Extracted records

==*==

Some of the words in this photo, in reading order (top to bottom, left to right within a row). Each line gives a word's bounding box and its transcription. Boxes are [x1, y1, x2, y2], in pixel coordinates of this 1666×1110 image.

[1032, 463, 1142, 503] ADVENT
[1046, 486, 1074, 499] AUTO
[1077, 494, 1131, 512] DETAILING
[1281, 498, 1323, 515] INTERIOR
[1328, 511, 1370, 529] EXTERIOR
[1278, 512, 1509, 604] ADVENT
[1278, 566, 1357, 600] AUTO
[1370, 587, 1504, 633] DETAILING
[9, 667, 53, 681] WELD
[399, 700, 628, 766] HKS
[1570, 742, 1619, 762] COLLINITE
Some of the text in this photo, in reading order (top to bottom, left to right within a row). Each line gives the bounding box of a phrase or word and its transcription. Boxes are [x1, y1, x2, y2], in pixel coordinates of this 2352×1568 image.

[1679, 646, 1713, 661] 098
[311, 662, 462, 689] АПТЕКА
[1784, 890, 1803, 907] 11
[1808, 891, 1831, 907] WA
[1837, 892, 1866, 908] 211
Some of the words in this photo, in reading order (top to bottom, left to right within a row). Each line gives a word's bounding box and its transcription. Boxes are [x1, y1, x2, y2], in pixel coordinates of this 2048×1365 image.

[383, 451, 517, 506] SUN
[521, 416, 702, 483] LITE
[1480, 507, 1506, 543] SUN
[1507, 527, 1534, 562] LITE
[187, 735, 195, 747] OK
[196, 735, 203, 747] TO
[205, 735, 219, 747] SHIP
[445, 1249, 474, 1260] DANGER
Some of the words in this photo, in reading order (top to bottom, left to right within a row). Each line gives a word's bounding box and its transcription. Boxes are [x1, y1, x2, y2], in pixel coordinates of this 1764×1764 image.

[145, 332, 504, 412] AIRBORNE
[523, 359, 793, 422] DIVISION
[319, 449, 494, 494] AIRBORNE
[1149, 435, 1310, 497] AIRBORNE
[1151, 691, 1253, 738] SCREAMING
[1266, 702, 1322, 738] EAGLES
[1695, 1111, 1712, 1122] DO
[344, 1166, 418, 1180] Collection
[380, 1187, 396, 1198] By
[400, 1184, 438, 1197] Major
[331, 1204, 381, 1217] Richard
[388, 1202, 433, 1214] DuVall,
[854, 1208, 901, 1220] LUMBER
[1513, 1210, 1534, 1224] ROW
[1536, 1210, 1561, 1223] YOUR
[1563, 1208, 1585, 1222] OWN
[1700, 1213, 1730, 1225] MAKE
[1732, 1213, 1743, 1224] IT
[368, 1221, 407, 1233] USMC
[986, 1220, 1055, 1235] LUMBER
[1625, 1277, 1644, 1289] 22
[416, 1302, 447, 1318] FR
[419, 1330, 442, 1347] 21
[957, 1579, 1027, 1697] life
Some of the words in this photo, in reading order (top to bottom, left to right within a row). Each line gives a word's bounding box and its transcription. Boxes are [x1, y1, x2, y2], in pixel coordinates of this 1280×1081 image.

==*==

Task directions
Write out, word for word, the line containing "this 1764×1764 image." and every line after it to the end of the data above.

Answer to the problem
Some of the words in this photo, in reading order (top to bottom, left to right within a row). Each line gives a word's bounding box and its transcription. Boxes are [x1, y1, x2, y2], in pixel coordinates of this 1764×1764 image.

[145, 332, 504, 412] AIRBORNE
[523, 359, 793, 422] DIVISION
[319, 449, 494, 494] AIRBORNE
[1149, 435, 1310, 497] AIRBORNE
[1151, 691, 1253, 738] SCREAMING
[1266, 702, 1322, 738] EAGLES
[1695, 1111, 1712, 1122] DO
[344, 1166, 418, 1180] Collection
[380, 1187, 396, 1198] By
[400, 1184, 438, 1197] Major
[331, 1204, 381, 1217] Richard
[388, 1202, 433, 1214] DuVall,
[854, 1208, 901, 1220] LUMBER
[1513, 1210, 1534, 1224] ROW
[1536, 1210, 1561, 1223] YOUR
[1563, 1208, 1585, 1222] OWN
[1700, 1213, 1730, 1225] MAKE
[1732, 1213, 1743, 1224] IT
[368, 1221, 407, 1233] USMC
[986, 1220, 1055, 1235] LUMBER
[1625, 1277, 1644, 1289] 22
[416, 1302, 447, 1318] FR
[419, 1330, 442, 1347] 21
[957, 1579, 1027, 1697] life
Some of the words in this photo, in reading order (top to bottom, left to right within a row). Each line gives a word's bounding box and its transcription. Boxes are [x1, y1, x2, y2], in pixel coordinates of this 1280×1081 image.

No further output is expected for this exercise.